At the same time we know a huge number of women who seem to be good at everything except holding onto a guy long enough to get married, something that they claim to want. Could it be the case that in the old days mothers sat their daughters down and explained to them how selfish and spoiled most men are and what they needed to do to keep the guy happy? Whereas now young women are exposed to wisdom from Jada Pinkett Smith, a popular actress:
“Women, you can have it all—a loving man, devoted husband, loving children, a fabulous career,” she said. “They say you gotta choose. Nah, nah, nah. We are a new generation of women. We got to set a new standard of rules around here. You can do whatever it is you want. All you have to do is want it.” (speaking at Harvard, a talk that got her into hot water for being too “heteronormative”)

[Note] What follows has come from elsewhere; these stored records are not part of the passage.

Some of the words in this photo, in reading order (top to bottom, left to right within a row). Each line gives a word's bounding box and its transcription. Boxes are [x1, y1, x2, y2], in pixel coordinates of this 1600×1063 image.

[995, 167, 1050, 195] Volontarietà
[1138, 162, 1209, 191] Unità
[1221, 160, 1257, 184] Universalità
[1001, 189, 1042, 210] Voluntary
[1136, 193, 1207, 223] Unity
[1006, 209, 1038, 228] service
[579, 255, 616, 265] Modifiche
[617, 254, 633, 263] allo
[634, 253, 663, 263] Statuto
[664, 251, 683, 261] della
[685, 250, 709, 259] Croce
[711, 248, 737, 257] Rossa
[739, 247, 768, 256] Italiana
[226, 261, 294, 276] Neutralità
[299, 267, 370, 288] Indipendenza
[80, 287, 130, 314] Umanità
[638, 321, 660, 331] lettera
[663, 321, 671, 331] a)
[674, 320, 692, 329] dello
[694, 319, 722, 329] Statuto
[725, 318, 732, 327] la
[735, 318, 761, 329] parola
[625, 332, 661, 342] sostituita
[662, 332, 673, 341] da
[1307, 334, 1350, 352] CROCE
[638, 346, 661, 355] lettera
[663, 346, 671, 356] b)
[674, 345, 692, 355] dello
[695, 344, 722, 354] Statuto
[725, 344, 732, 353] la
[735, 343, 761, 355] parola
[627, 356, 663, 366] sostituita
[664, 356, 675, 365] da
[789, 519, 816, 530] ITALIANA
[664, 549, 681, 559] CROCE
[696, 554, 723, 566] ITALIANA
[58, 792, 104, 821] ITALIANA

The implication of Pinkett Smith’s remarks was that a Harvard girl, in virtue of being bright, well-educated, and ambitious, was entitled to these things without doing too much work except maybe on the career part. She never added “if you’re willing to do the laundry, plan and pay for half the evenings out, straighten up the house in between visits from the cleaners.”

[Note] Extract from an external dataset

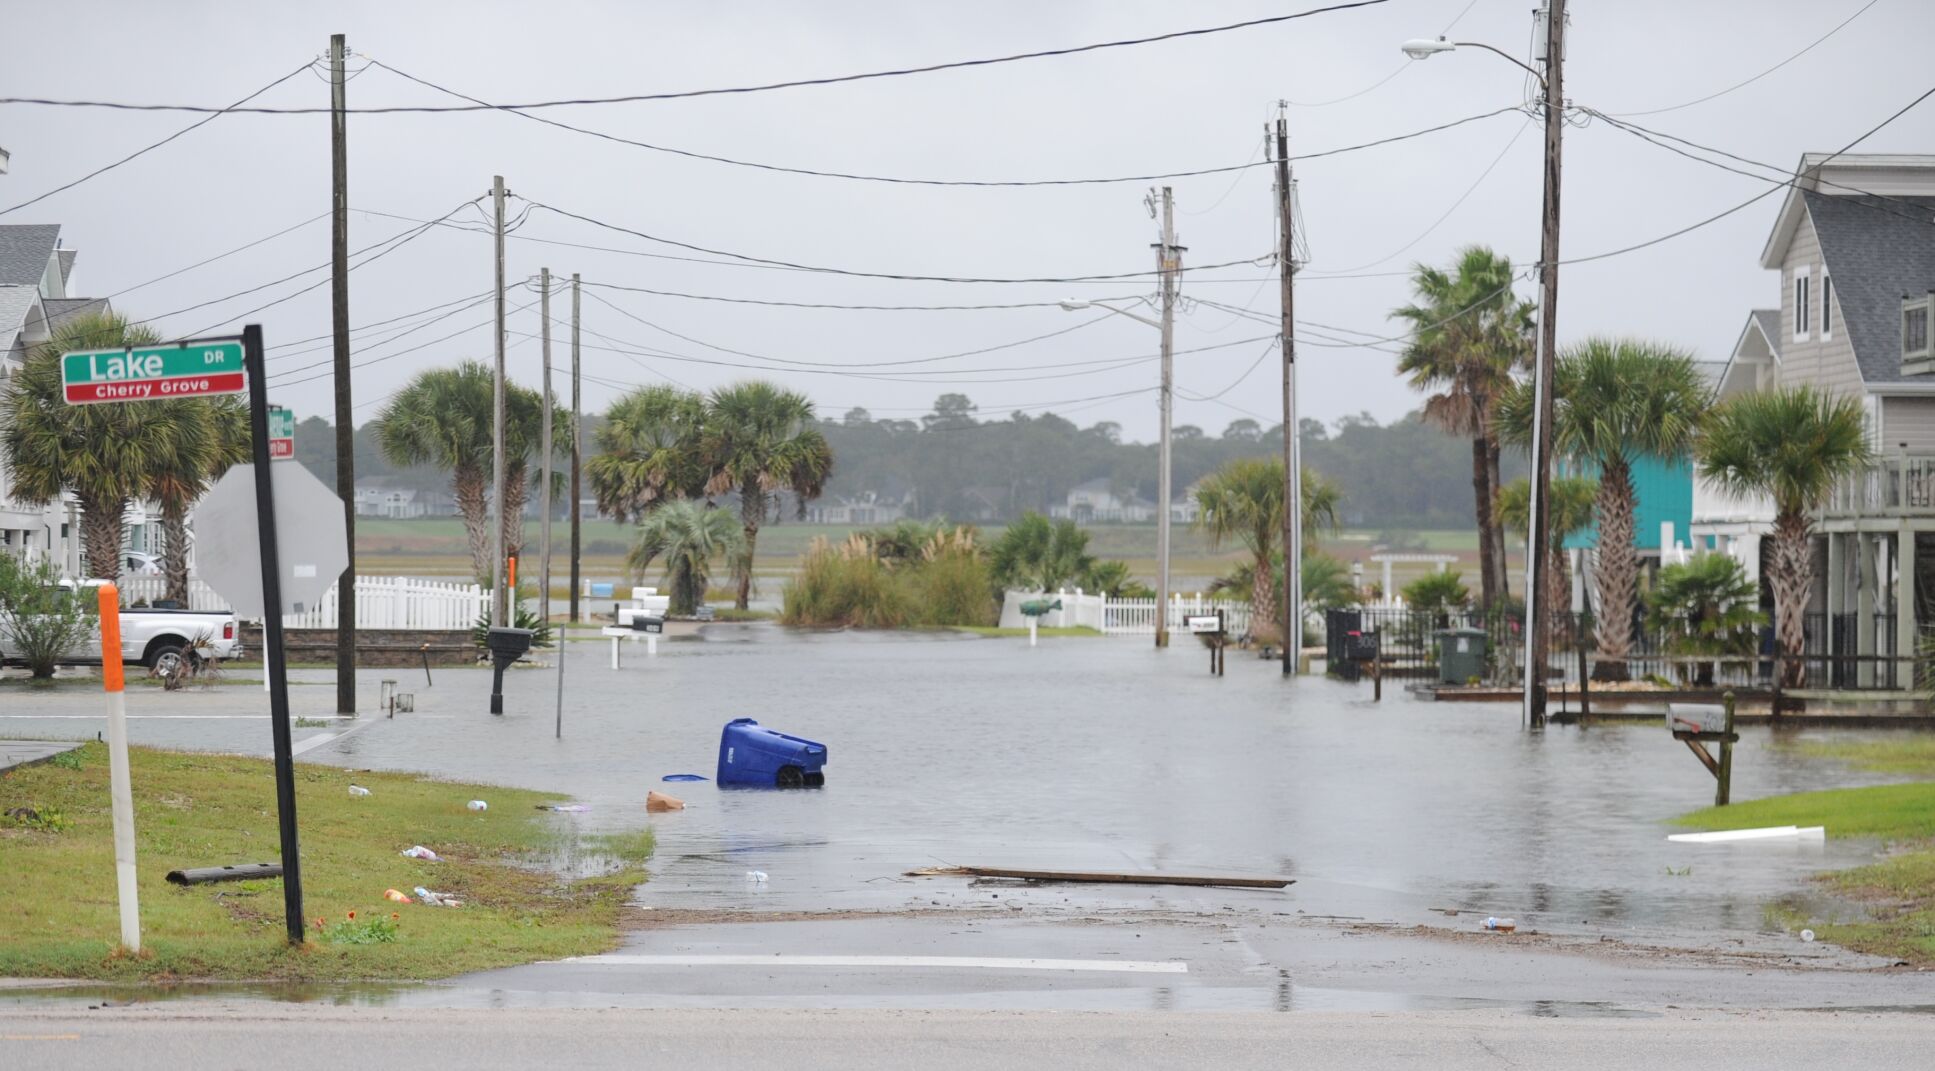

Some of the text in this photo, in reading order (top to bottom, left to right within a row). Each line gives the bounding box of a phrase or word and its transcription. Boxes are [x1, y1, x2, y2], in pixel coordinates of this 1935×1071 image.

[89, 350, 224, 381] Lake DR
[96, 380, 209, 399] Cherry Grove

Some of our women friends do seem to have figured out what compromises and efforts are entailed but they suffer through many inexplicable (to them) dumpings and are into their late 30s by the time insight is acquired. This wouldn’t be a problem except that by this age they are past their best reproductive years and are often rather embittered toward men.
A potential solution: Find couples where the man is satisfied and not thinking about walking out. Do time-and-motion studies of the female partner in these couples and figure out how much effort they are putting forth. Report the results so that single women can decide if it is worth the bother. Perhaps when they see the data they will come to agree with Isabel Archer in Portrait of a Lady, who, when all around her were trying to marry her off, thought
“she held that a woman ought to be able to make up her life in singleness, and that it was perfectly possible to be happy without the society of a more or less coarse-minded person of another sex.”
[Update: Some (married) friends pointed out that there are quite a few books targeted at women who want to get married, offering advice. However this advice is anecdotal and not based on hard numbers gleaned from surveys. A friend in her 40s pointed out that perhaps by coddling our kids we’ve produced an entire generation too selfish to make a marriage succeed. This afflicts both young men and women equally with the difference that men have the biological luxury to wait until they are 40 or 50 to figure it out.]